There are not adequate assurances that the road would stay permanently closed to the public. If the road were opened at some point in the future, the beauty and resources along the road’s route would undoubtedly draw intense interest from sport hunters, fishermen, and recreational users. Competition from non-local sport hunters and fishermen has been a major issue in our region for decades, and would only be made worse with road access. Harvest regulations and limits would likely become more restrictive with larger numbers of hunters and fishermen, largely impacting locals who rely on subsistence.
The economics don’t pencil out for our region. When subsistence resources are lost the cost of imported food is astronomical. Much of the money made at the mines or road wouldn’t stay in the region.
Pollution from the road and mines will flow downstream and impact water quality, our commercial salmon fishery and subsistence fish resources from Kobuk to Kotzebue.
Nroad should be built without Alaskans knowing the full extent of this entire project, including mining. This includes the maximum number, size and types of mines that would eventually be built in the project area; the maximum number of mining personnel and human activity levels, especially traffic levels on the road, that would result; and impacts from and on communities that would connect to the road.
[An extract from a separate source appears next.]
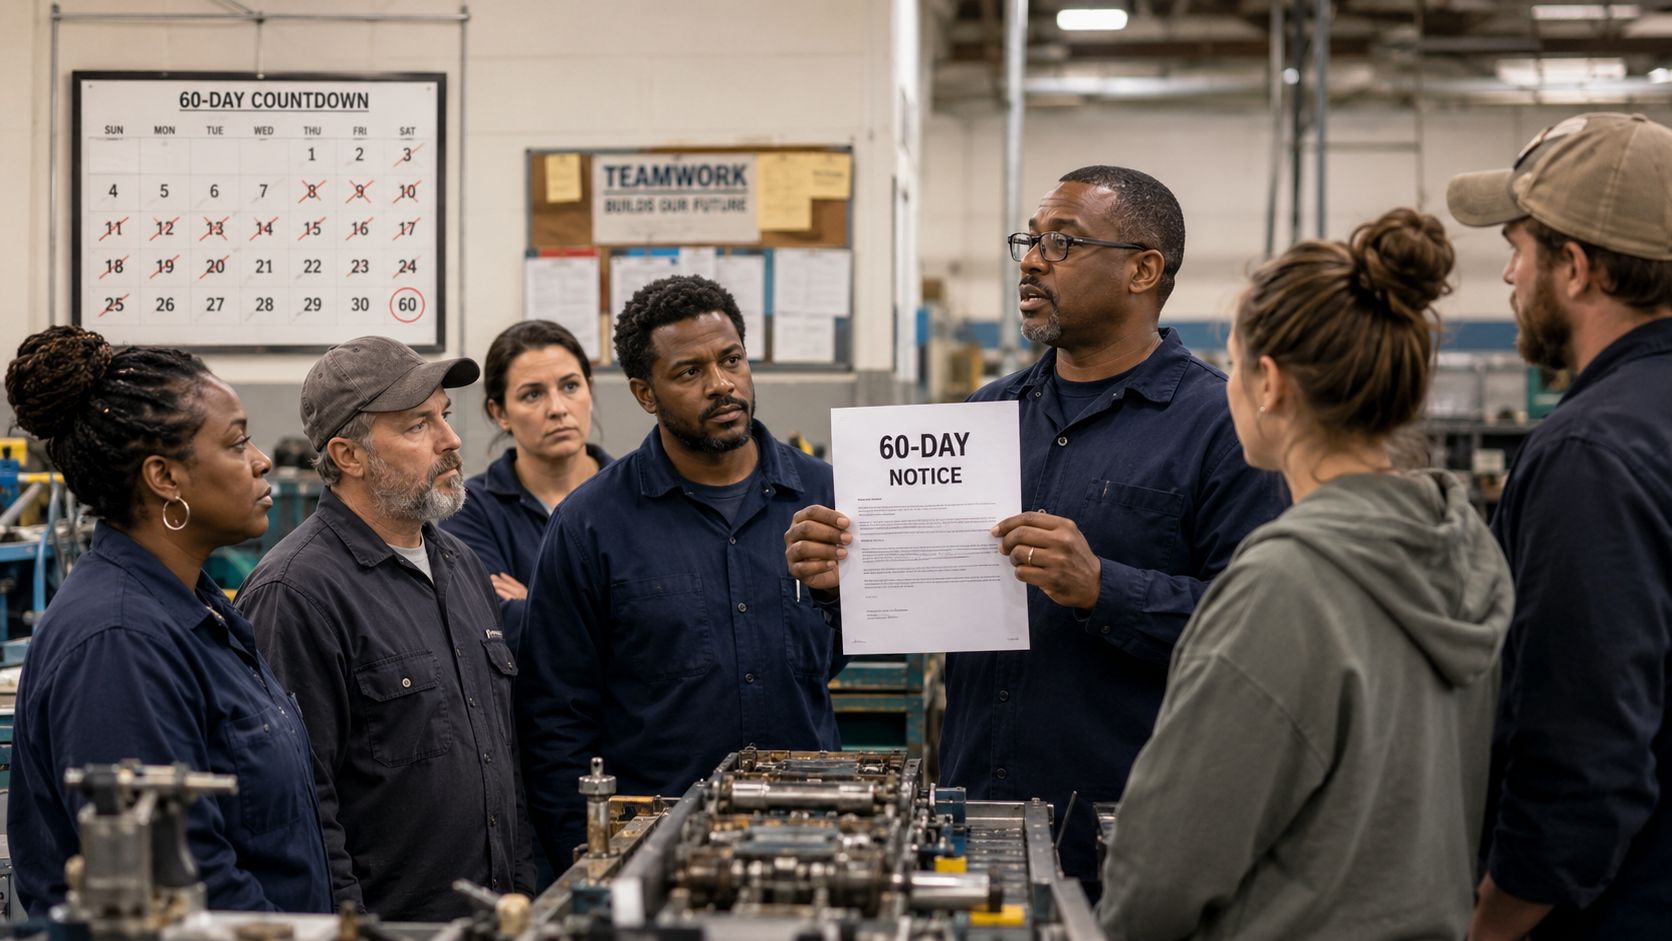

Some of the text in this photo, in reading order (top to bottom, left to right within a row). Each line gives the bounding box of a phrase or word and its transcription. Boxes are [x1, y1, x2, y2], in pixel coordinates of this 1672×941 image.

A decision to build this road is a decision to conduct the entire project. The review must consider all factors rather than focus solely on the road.
Alaska’s dependence on large, nonrenewable resource extraction projects to generate revenue will fail when those resources are gone. Alaska needs to begin developing a sustainable economy-now-rather than wait until minerals and oil run out, and before it ruins the natural environment, depletes wildlife populations, and destroys subsistence cultures, all of which make this state a healthy and desirable place to live.
This project would contribute to global warming. The carbon footprint of this project from fuel burned to construct and operate the road and mines, as well as the elimination of land cover that stores and removes carbon, would contribute to global warming. Climate change is already affecting Alaska much faster than the rest of the U.S., bringing about changes that threaten the way of life and subsistence practices in our region.
For these reasons, we ask that all permits for the Ambler Road be denied and revoked to protect the land, wildlife, and way of life we deeply value.